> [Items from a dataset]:
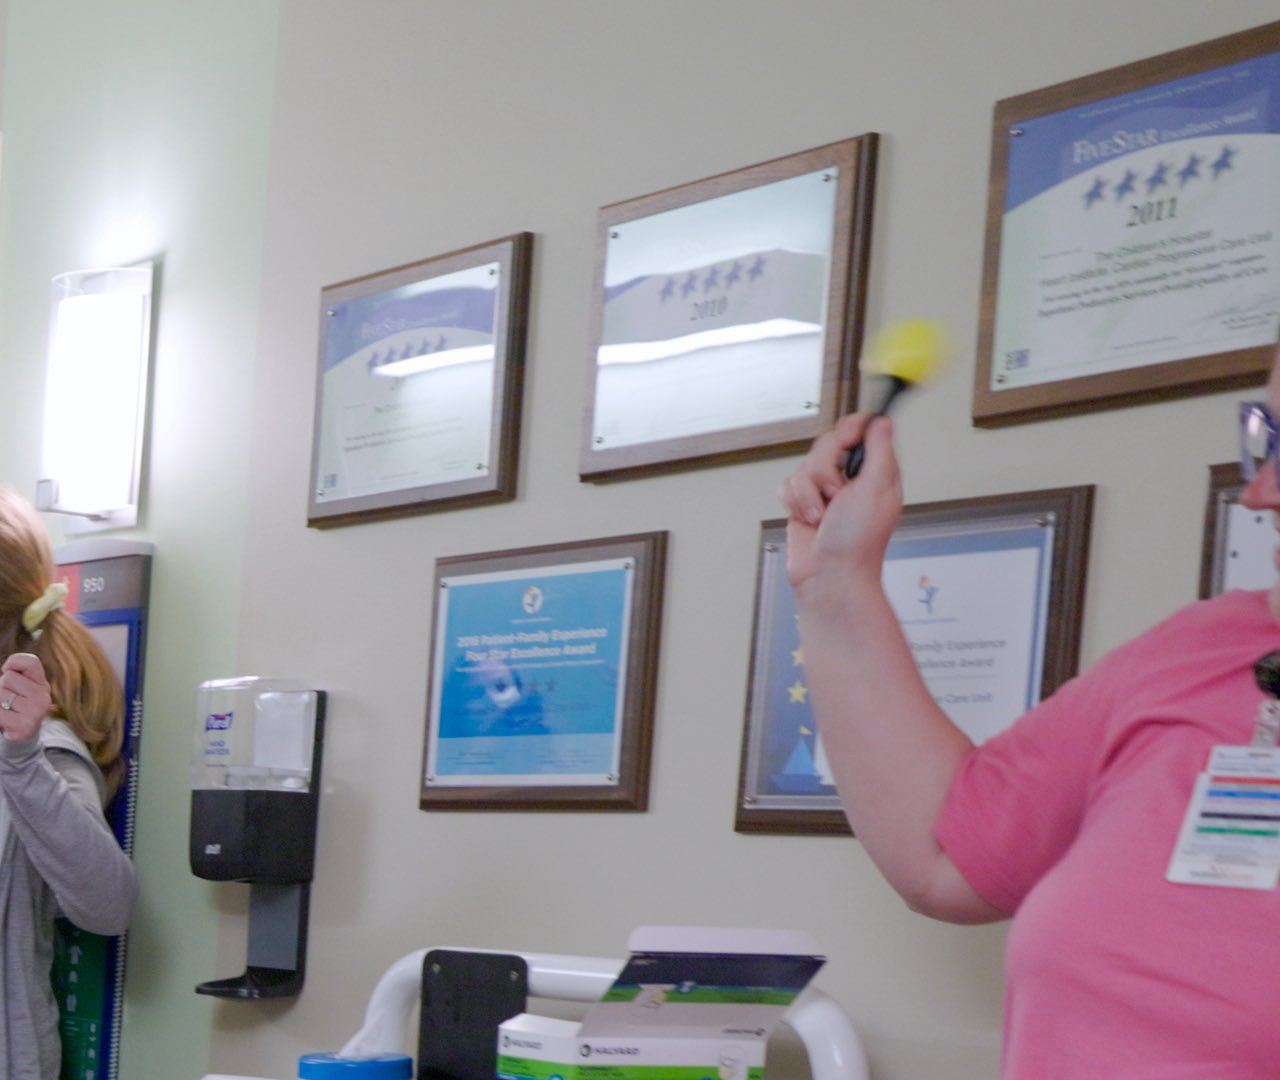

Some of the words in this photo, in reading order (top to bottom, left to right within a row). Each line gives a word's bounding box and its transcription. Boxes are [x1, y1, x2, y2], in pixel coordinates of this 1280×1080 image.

[1126, 197, 1178, 227] 2011
[690, 296, 729, 321] 2010
[83, 576, 105, 592] 950
[510, 646, 561, 659] Excellence
[563, 642, 597, 654] Award
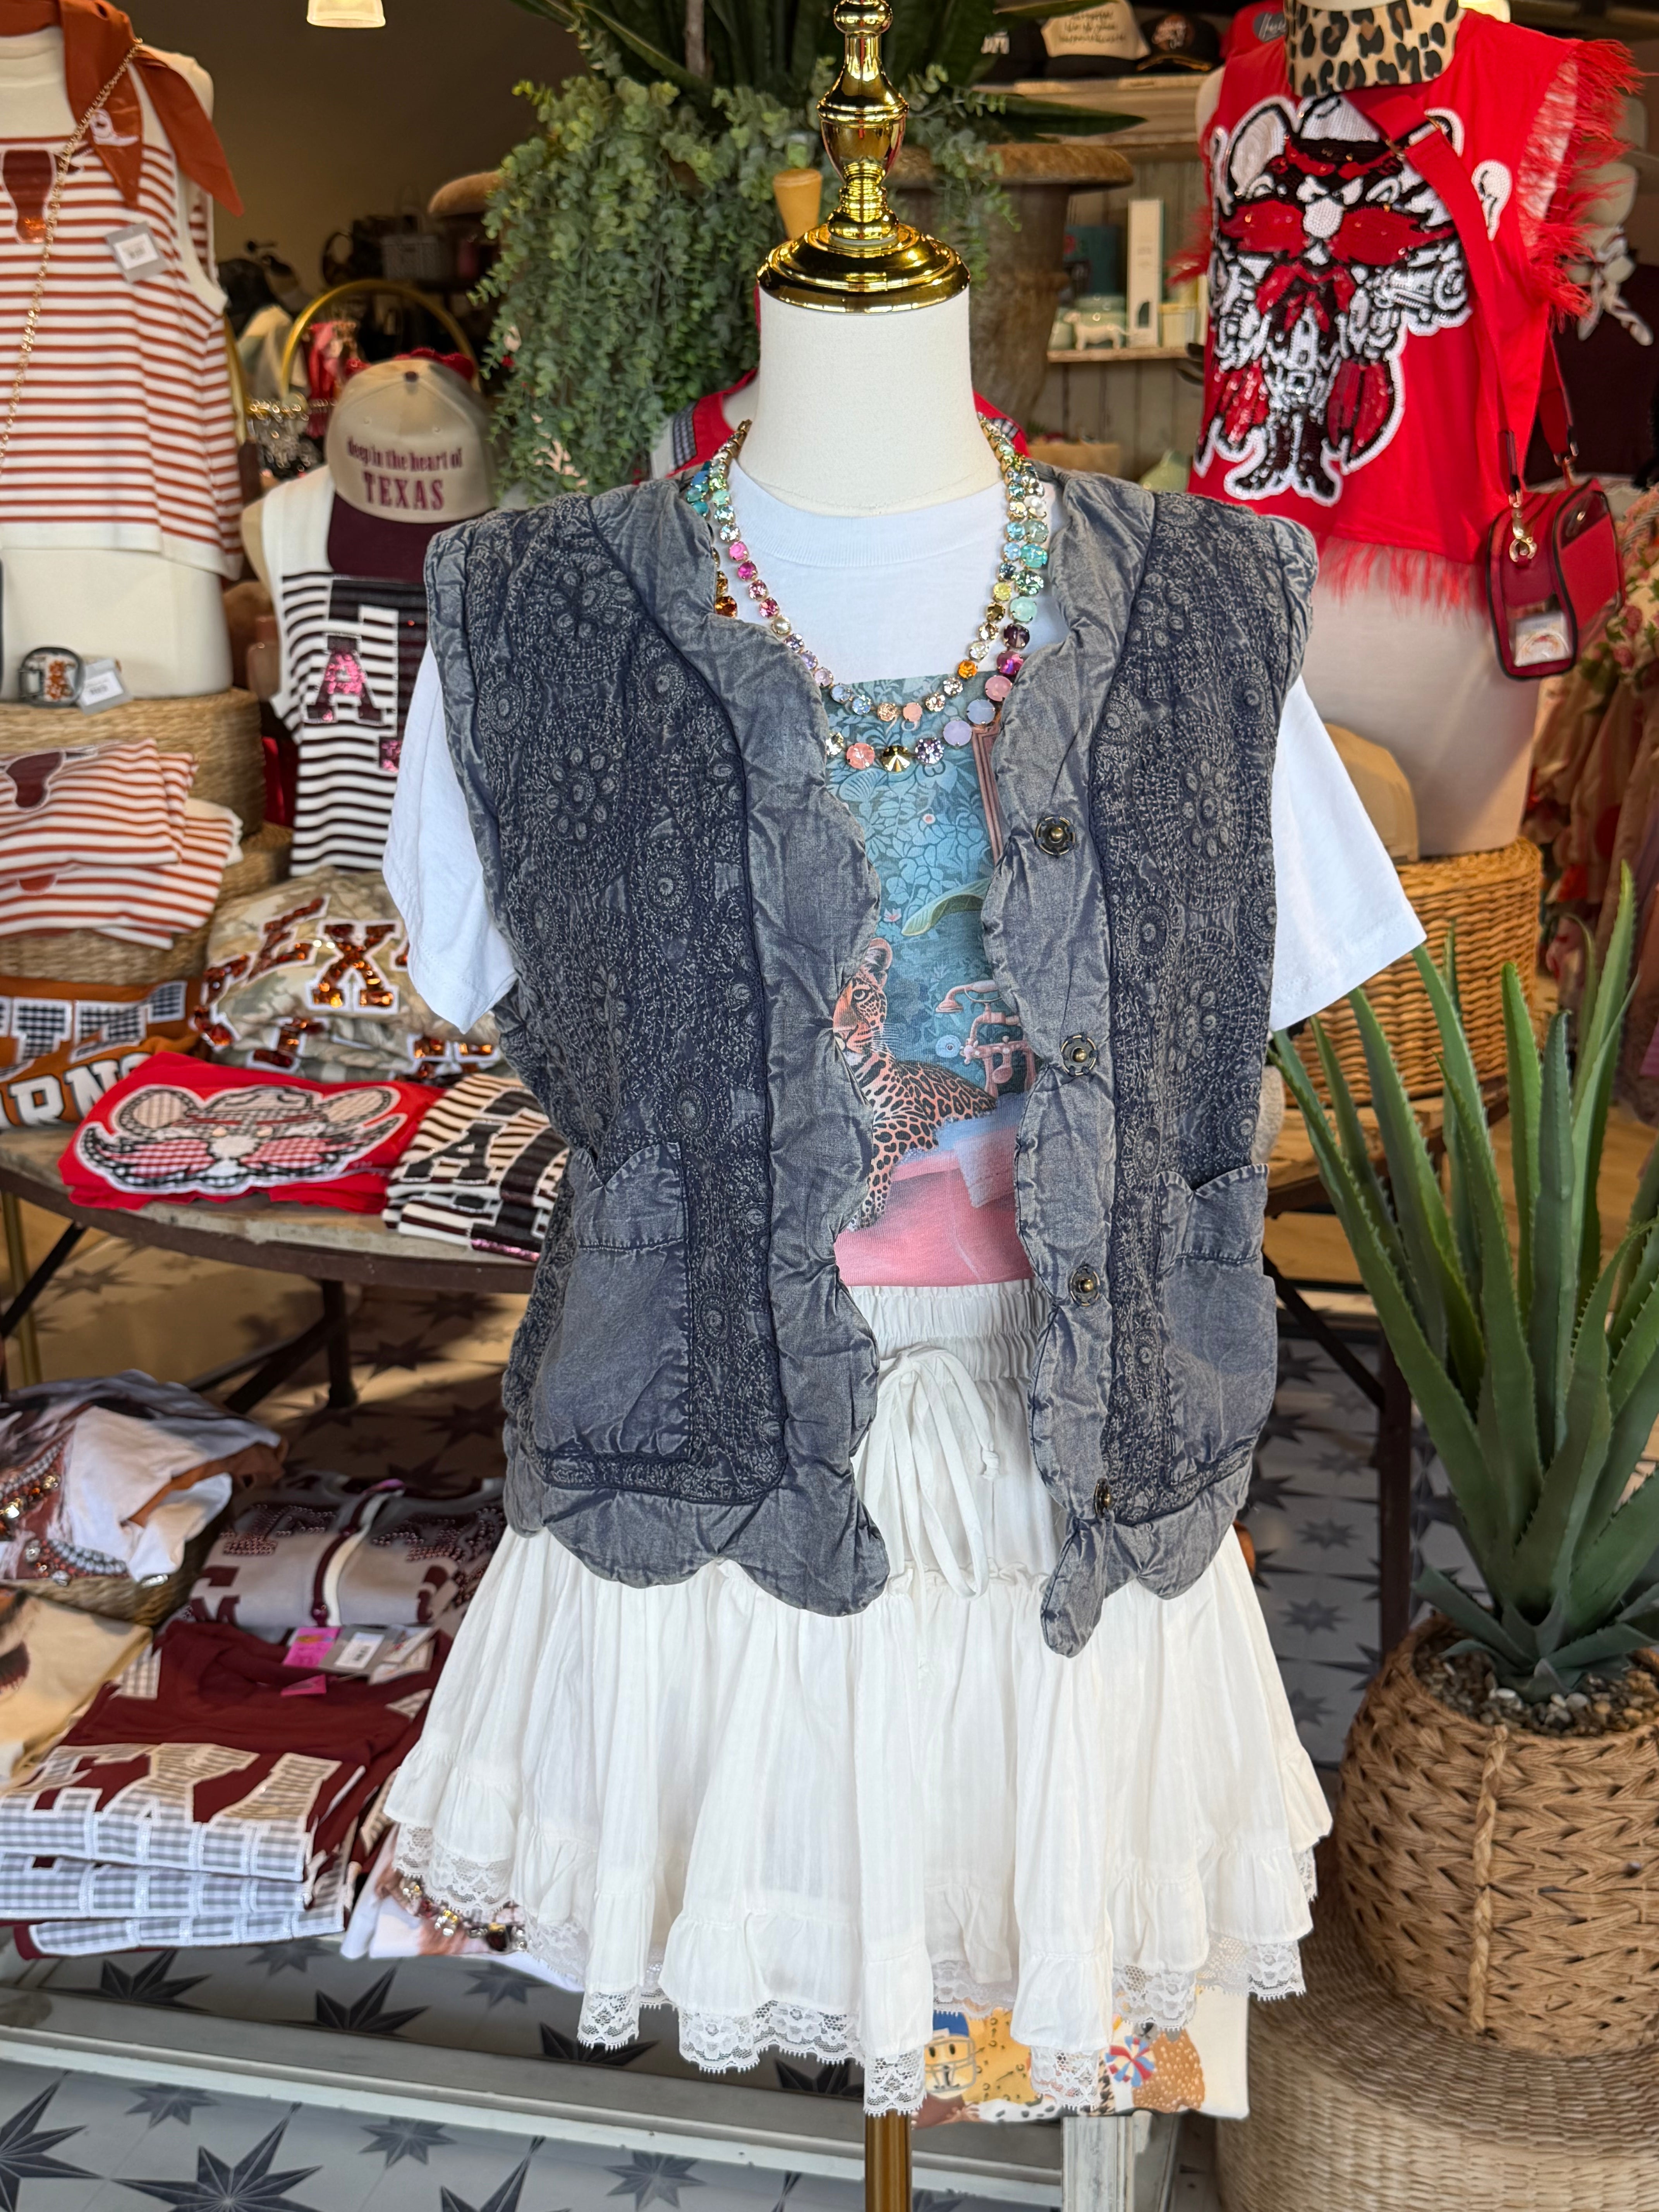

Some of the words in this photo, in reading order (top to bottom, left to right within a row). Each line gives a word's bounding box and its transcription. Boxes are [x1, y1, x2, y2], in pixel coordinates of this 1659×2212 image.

[371, 445, 383, 467] in
[385, 450, 406, 471] the
[409, 449, 448, 472] heart
[450, 447, 462, 468] of
[362, 470, 444, 510] TEXAS

> [What the task requires]: Leave every picture out and output the records exactly.

> [Task output]:
Some of the words in this photo, in reading order (top to bottom, left to right within a row). Each line gives a word's bounding box and its transcription. Boxes are [x1, y1, x2, y2], in pixel coordinates of this 1280×1080 image.

[1126, 197, 1178, 227] 2011
[690, 296, 729, 321] 2010
[83, 576, 105, 592] 950
[510, 646, 561, 659] Excellence
[563, 642, 597, 654] Award

Some of the words in this photo, in reading order (top to bottom, left to right within a row). Each line gives a word's bounding box and its transcription. Boxes are [x1, y1, x2, y2], in pixel coordinates of this 1659×2212 image.

[371, 445, 383, 467] in
[385, 450, 406, 471] the
[409, 449, 448, 472] heart
[450, 447, 462, 468] of
[362, 470, 444, 510] TEXAS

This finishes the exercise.